(Working data)

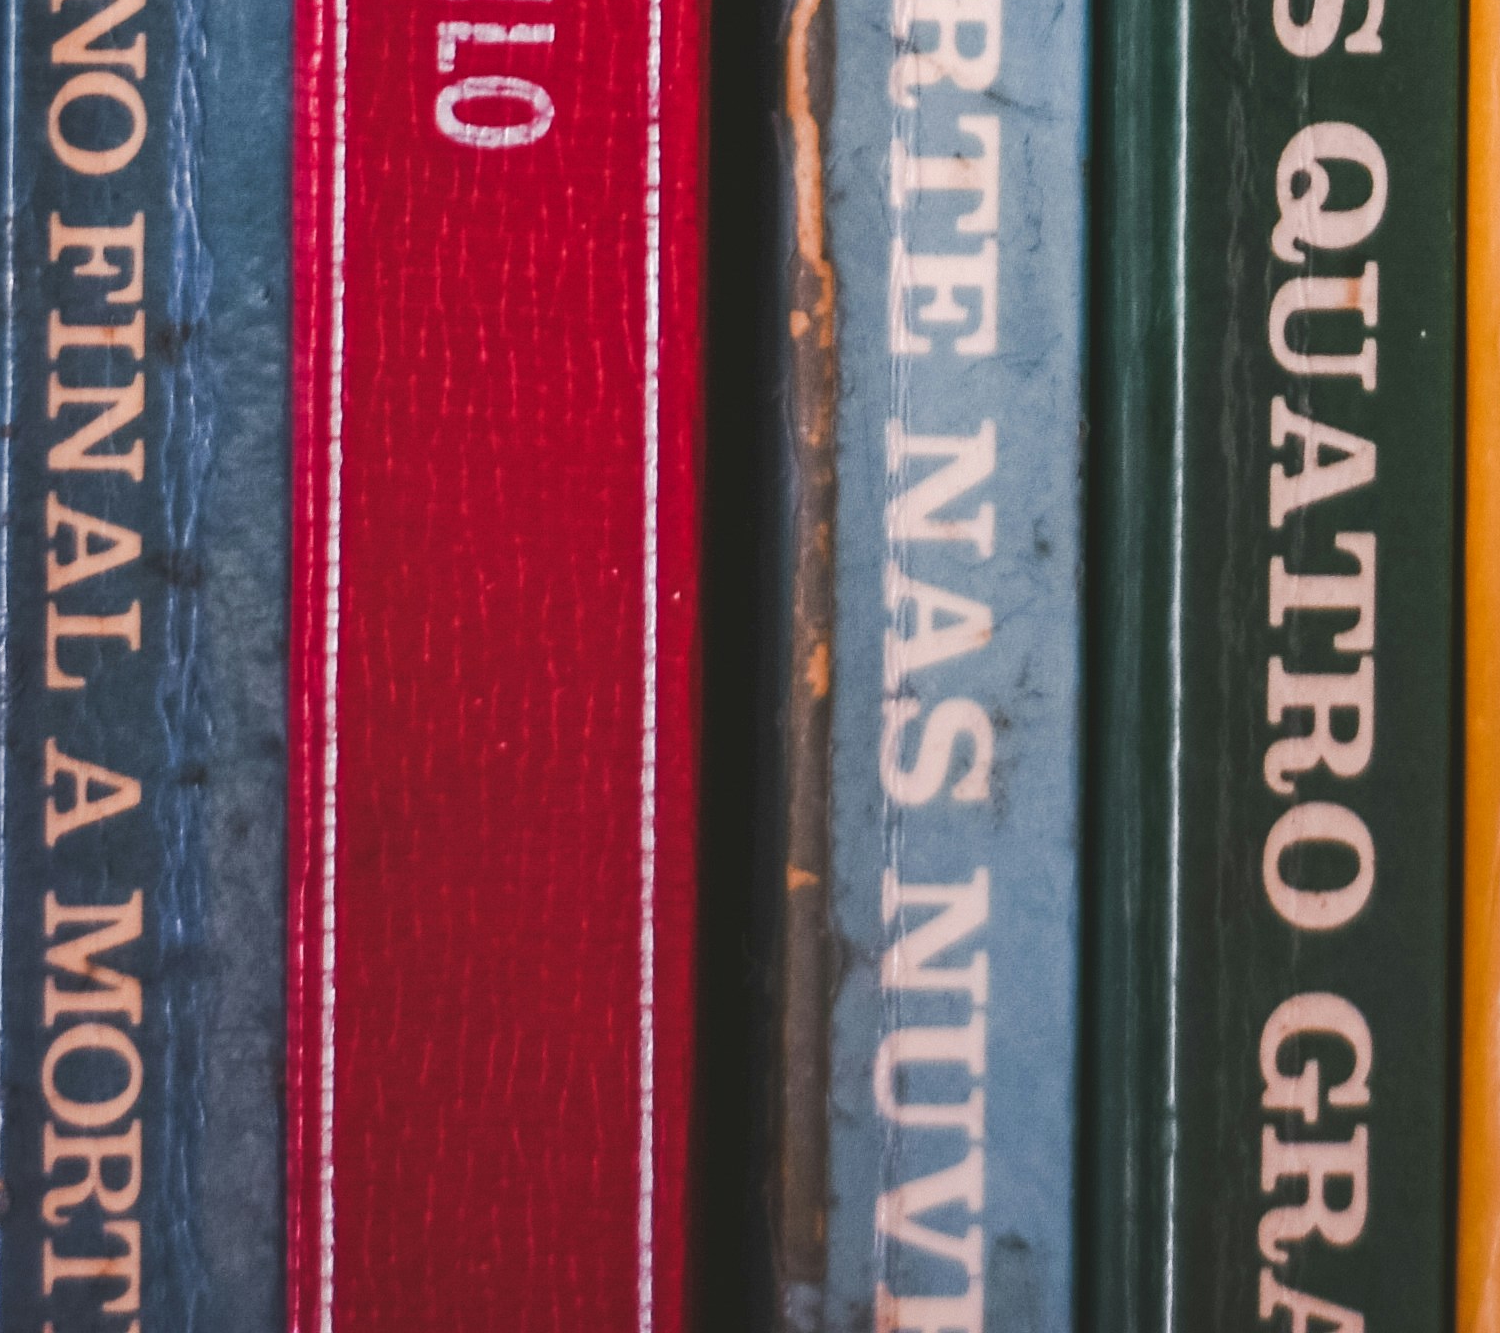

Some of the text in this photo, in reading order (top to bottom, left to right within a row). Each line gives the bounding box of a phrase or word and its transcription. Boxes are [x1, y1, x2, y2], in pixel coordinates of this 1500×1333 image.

[43, 209, 145, 693] FINAL
[878, 417, 997, 808] NAS
[1260, 120, 1388, 931] QUATRO
[43, 739, 142, 846] A
[41, 889, 144, 1333] MORT

(End Working data)

*Work item*: Without including any picture, write out the material above exactly.

*Response to the exercise*:
Some of the text in this photo, in reading order (top to bottom, left to right within a row). Each line gives the bounding box of a phrase or word and its transcription. Boxes are [x1, y1, x2, y2], in pixel coordinates of this 1500×1333 image.

[43, 209, 145, 693] FINAL
[878, 417, 997, 808] NAS
[1260, 120, 1388, 931] QUATRO
[43, 739, 142, 846] A
[41, 889, 144, 1333] MORT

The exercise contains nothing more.